The reason this can lead us astray is that real AI systems all require work. Building an AI system requires several kinds of work, all of which has to be done by people. Ideally, we have to answer questions like: Why do we want to do this? What is the goal of creating this system? Who is it for? Who is supposed to use this? What are their motivations? Where are we going to get the data from? Remember that if AI systems are increasingly using this data-driven paradigm—and that's what we're working from a lot of the time—it's very data hungry. It takes a lot of data and a lot of computing often to make it work. And of course, how do we even build the system? We have to orchestrate things like data, computers, and understanding the system. Our human developers have to build it. There are a lot of moving parts here.

In my experience, real AI systems are simply never trivial to build. There is always complexity. Of course, using an AI system also requires quite a bit of work. If you are deciding whether to implement some kind of AI system, you have to answer questions like: Is this better than what we had before? What kind of mistakes does it make, and are those tolerable to me? What can happen if it fails? Because using AI often involves automating things—if we're using it to take over some part of our work that maybe we don't want to do ourselves—we have to understand what kind of mistakes can be made and what the consequences of it failing might be. It might not fail in the same ways that we're used to.

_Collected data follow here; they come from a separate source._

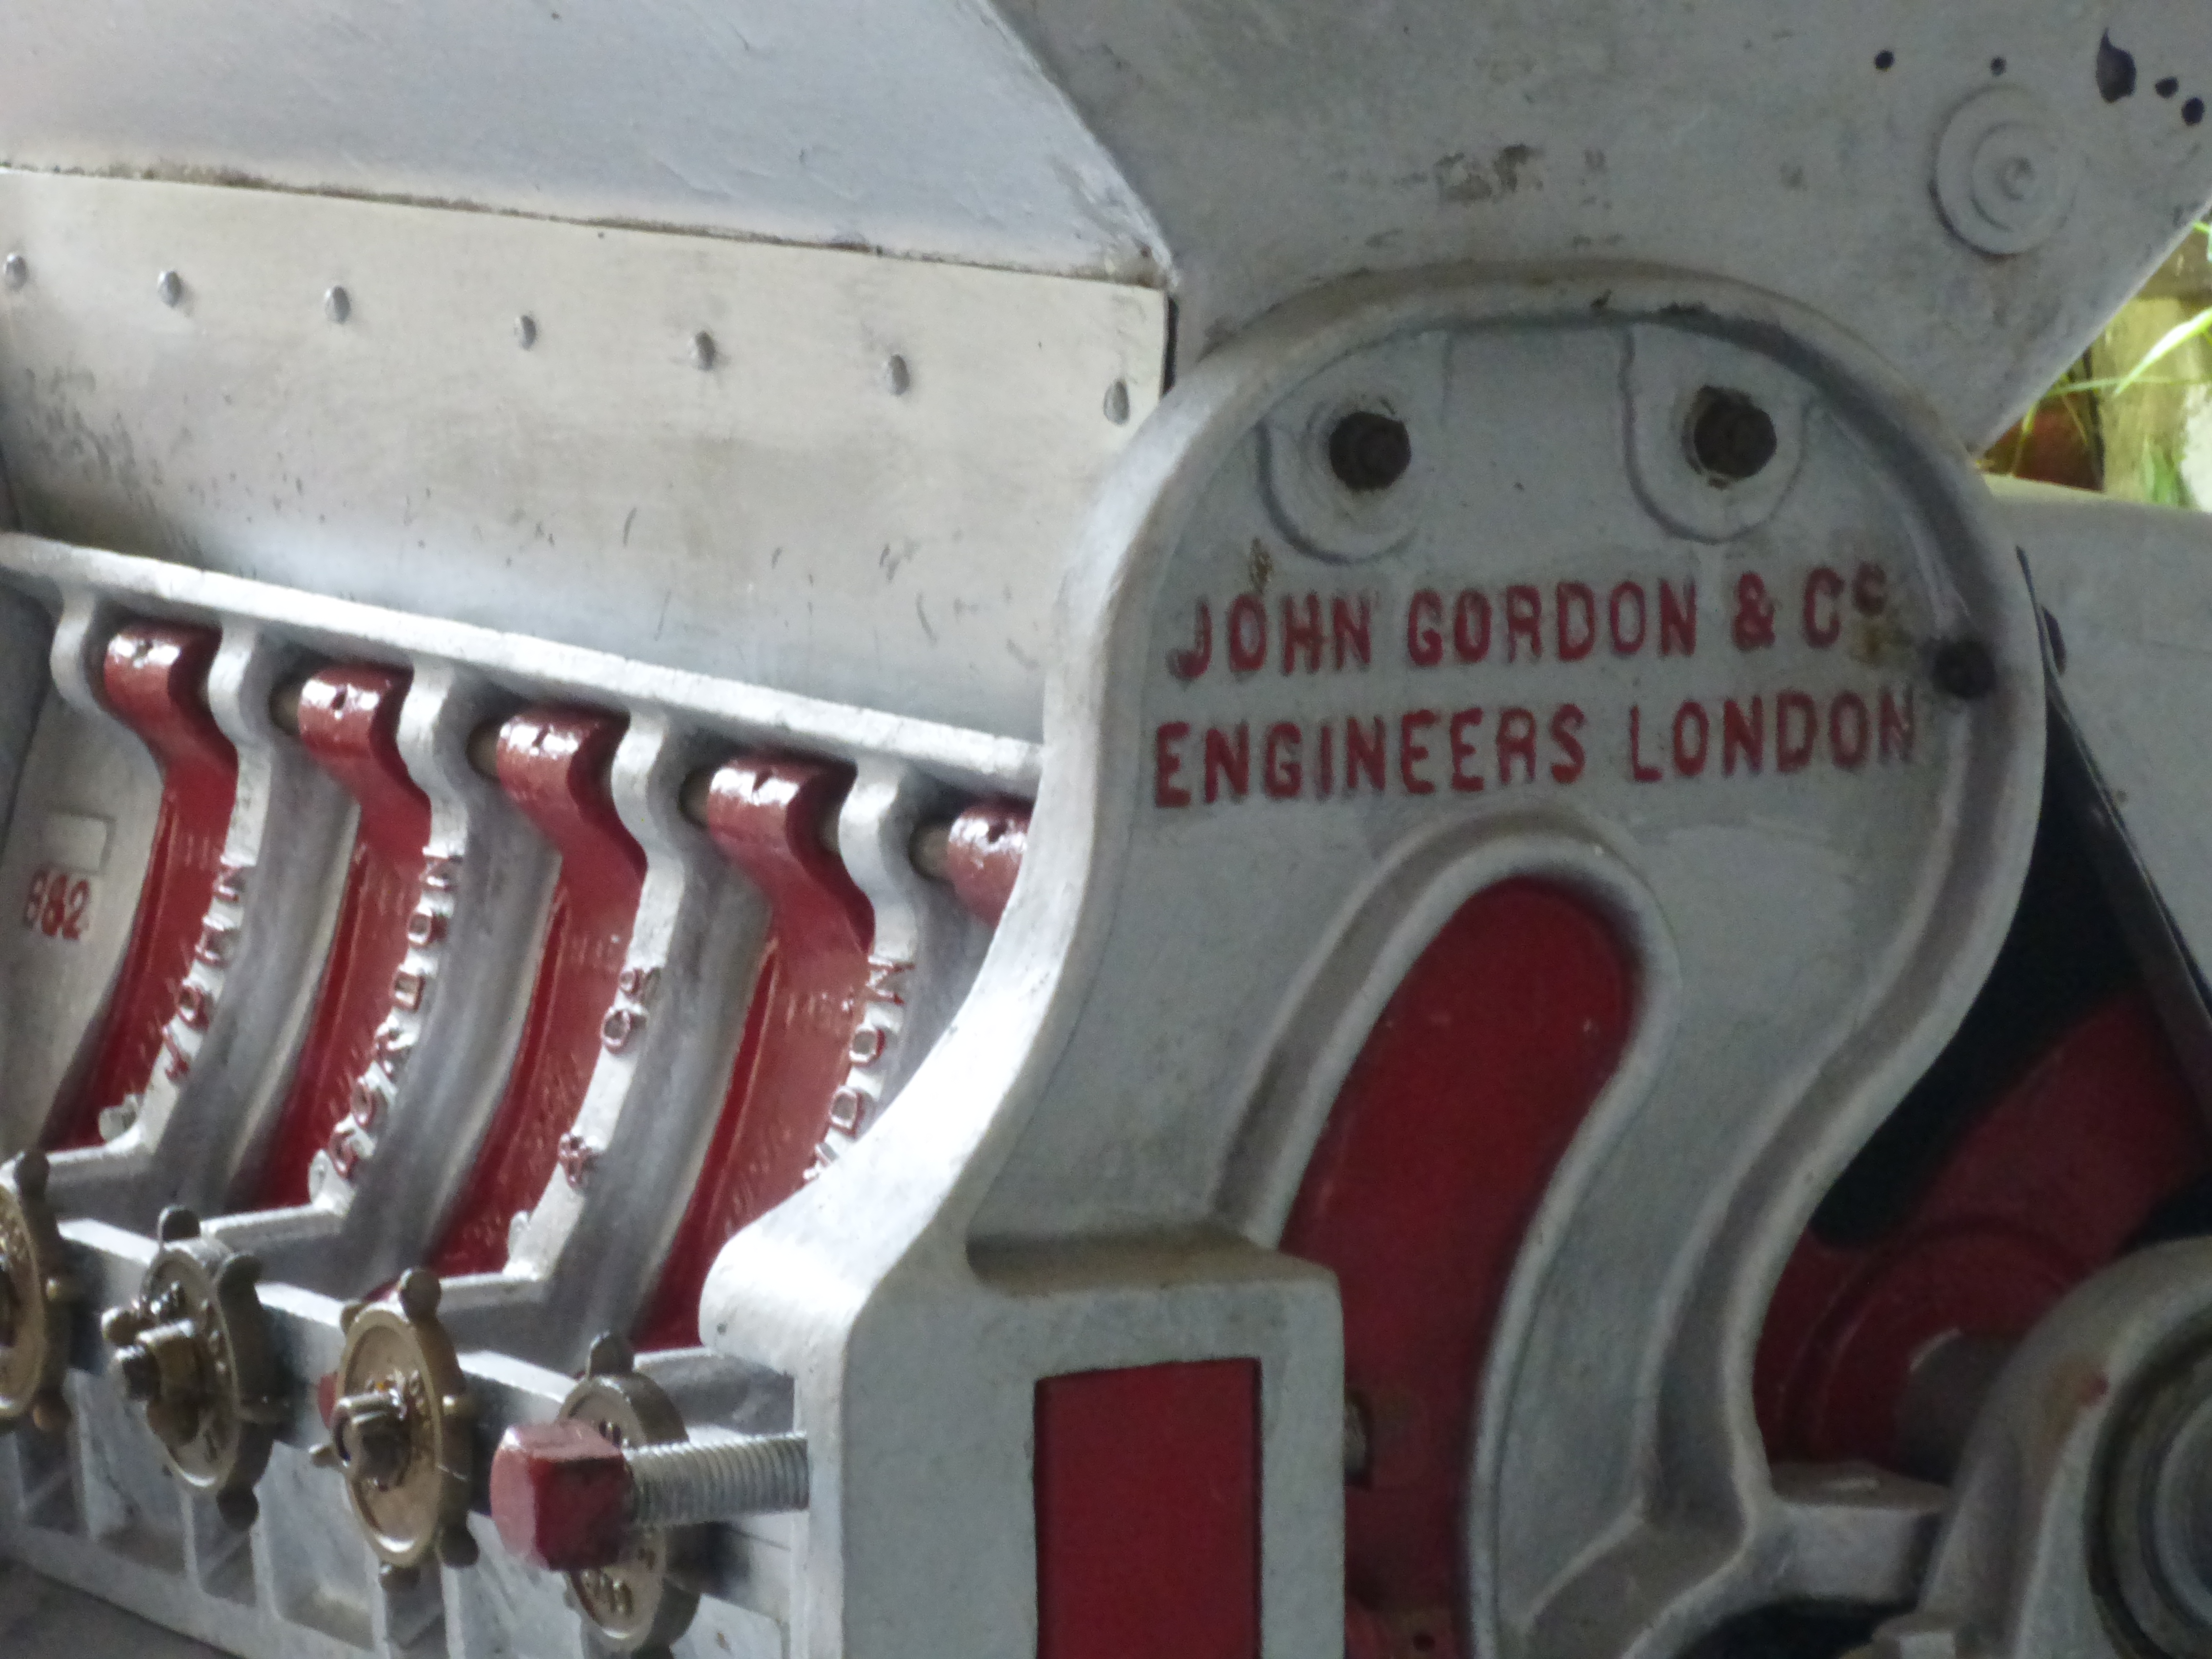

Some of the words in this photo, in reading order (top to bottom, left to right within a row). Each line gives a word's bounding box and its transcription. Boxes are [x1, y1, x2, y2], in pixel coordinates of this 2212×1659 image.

[1166, 586, 1374, 681] JOHN
[1405, 576, 1698, 668] GORDON
[1730, 571, 1777, 651] &
[1154, 703, 1587, 808] ENGINEERS
[1627, 683, 1915, 783] LONDON

Real AI systems also require responsibility. Something I heard recently, from meeting with people who research software engineers, really stuck with me. Engineering is about responsibility. When we engineer something, like a bridge, we build a structure for lots of people to use. We're building this bridge that people are going to rely on every day for their commute. The work of the engineer is not just to design the bridge; it is also to take responsibility that the bridge is constructed up to the standards required for safe use. The role of engineers is not just to make something; it is also to ensure it is constructed according to safety standards so that people can rely on it every day to get to work or get home. There are millions of people every day who put their trust in engineering and engineers as professionals.

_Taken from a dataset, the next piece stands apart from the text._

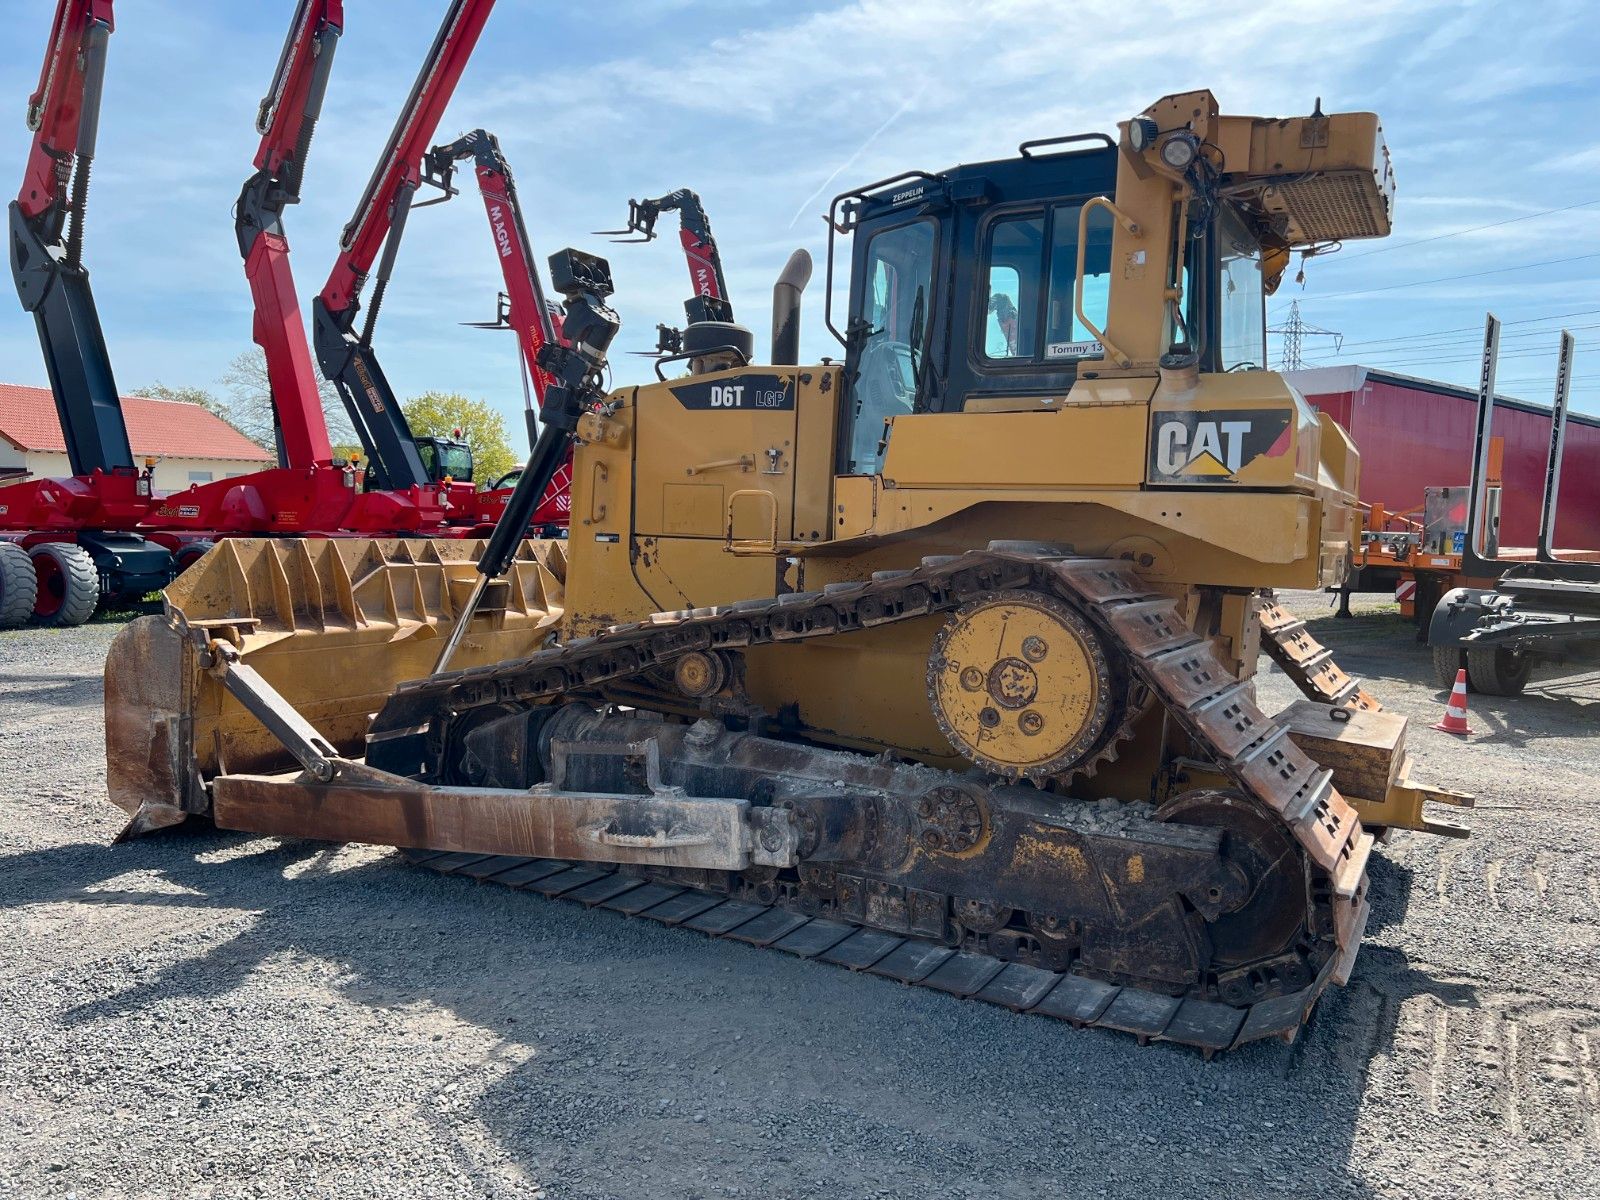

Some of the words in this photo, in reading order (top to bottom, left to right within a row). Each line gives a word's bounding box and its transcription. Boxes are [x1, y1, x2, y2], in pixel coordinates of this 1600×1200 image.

When we build AI systems, we still have to take responsibility for them. An example here is a pacemaker. Many pacemakers have AI systems on board for detecting when something is going wrong or when the rhythm needs to be changed. Some devices implanted in people even administer defibrillator shocks. These are things that really affect people's lives. There are lives on the line. When we build AI systems, we can't defer the responsibility entirely to the AI. We really still have to own all the parts of the things that we're making. It is not an understatement to say that lives depend on this. AI systems can sometimes be useful; they can automate things, but the system as a whole—people's lives depend on that. We still have to take responsibility for all the things that we make with AI components in them.

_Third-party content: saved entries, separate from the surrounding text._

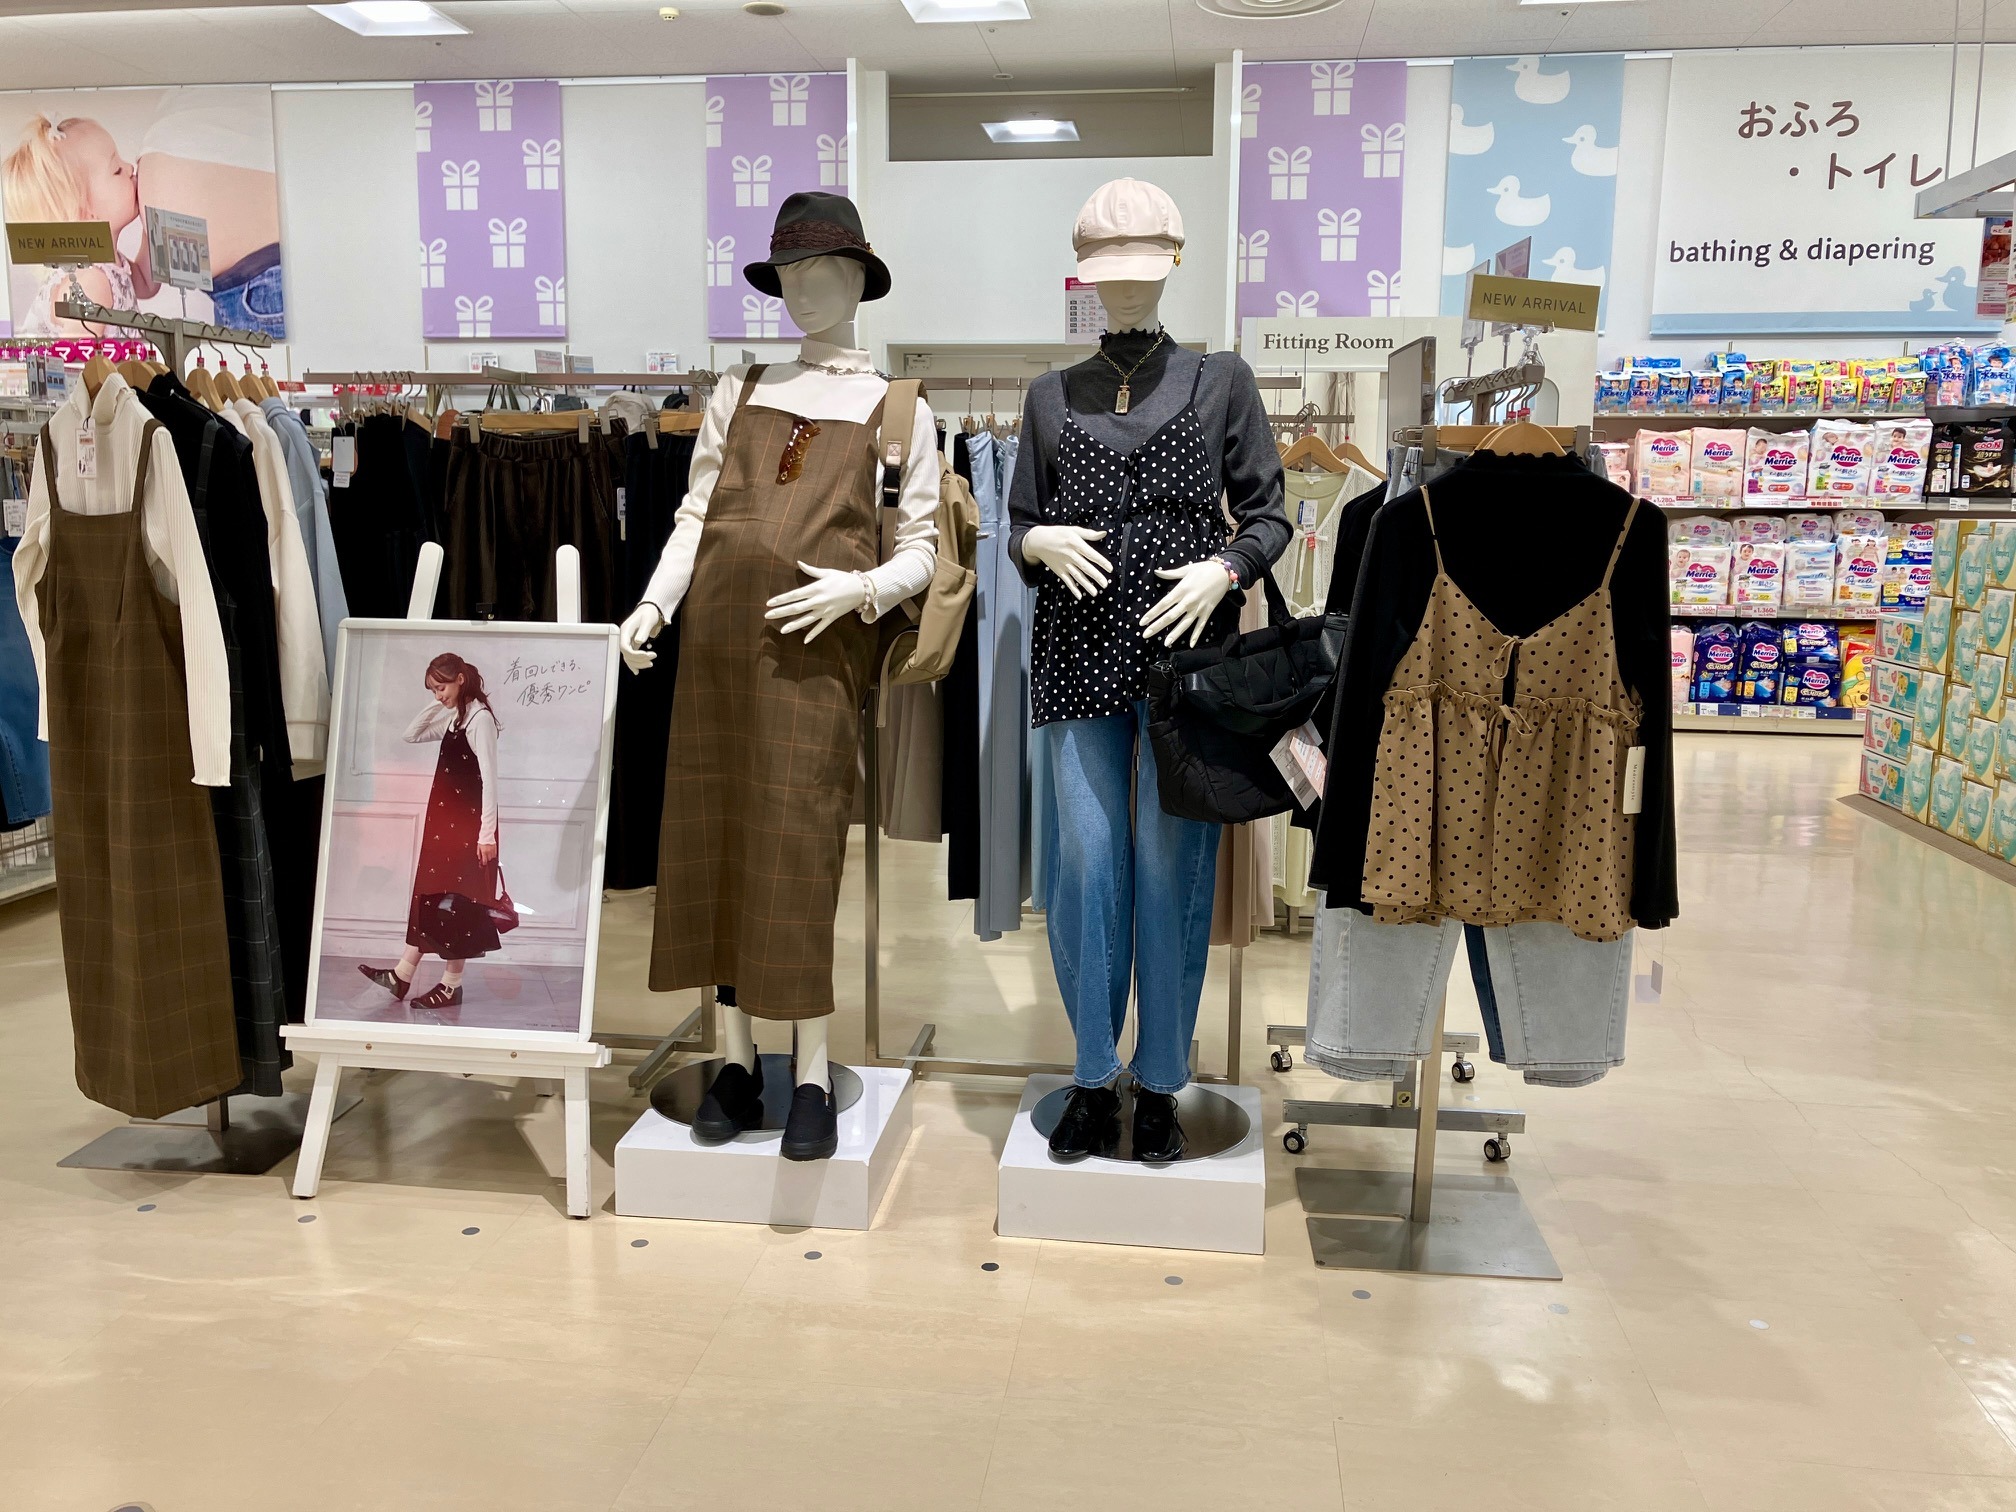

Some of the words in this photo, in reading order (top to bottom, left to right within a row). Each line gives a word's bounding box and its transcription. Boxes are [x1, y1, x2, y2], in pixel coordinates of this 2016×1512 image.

[1738, 101, 1860, 138] おふろ
[18, 238, 46, 249] NEW
[51, 237, 104, 248] ARRIVAL
[1670, 239, 1772, 267] bathing
[1779, 238, 1798, 260] &
[1807, 236, 1936, 266] diapering
[1483, 292, 1517, 306] NEW
[1522, 297, 1586, 314] ARRIVAL
[1263, 333, 1330, 354] Fitting
[1335, 333, 1394, 349] Room
[1651, 444, 1679, 452] Merries
[1704, 448, 1733, 457] Merries
[1765, 456, 1797, 466] Merries
[1831, 452, 1863, 463] Merries
[1887, 455, 1921, 465] Merries
[1848, 564, 1878, 573] Merries
[1707, 650, 1734, 658] Merries
[1752, 649, 1779, 657] Merries
[1803, 676, 1830, 684] Merries

When we talk about AI, we still need to do a lot of thinking. It’s not a get-out-of-thinking-free card. We need to take responsibility for what we build. If we're thinking about the cool blue brain that leads us into a place of thinking maybe we don't have to do this work, maybe we can just let the AI handle things, that’s not how AI systems work today. We are still in the driver's seat, and it’s still up to us at every step of the way to take responsibility for the things that we're making from start to finish.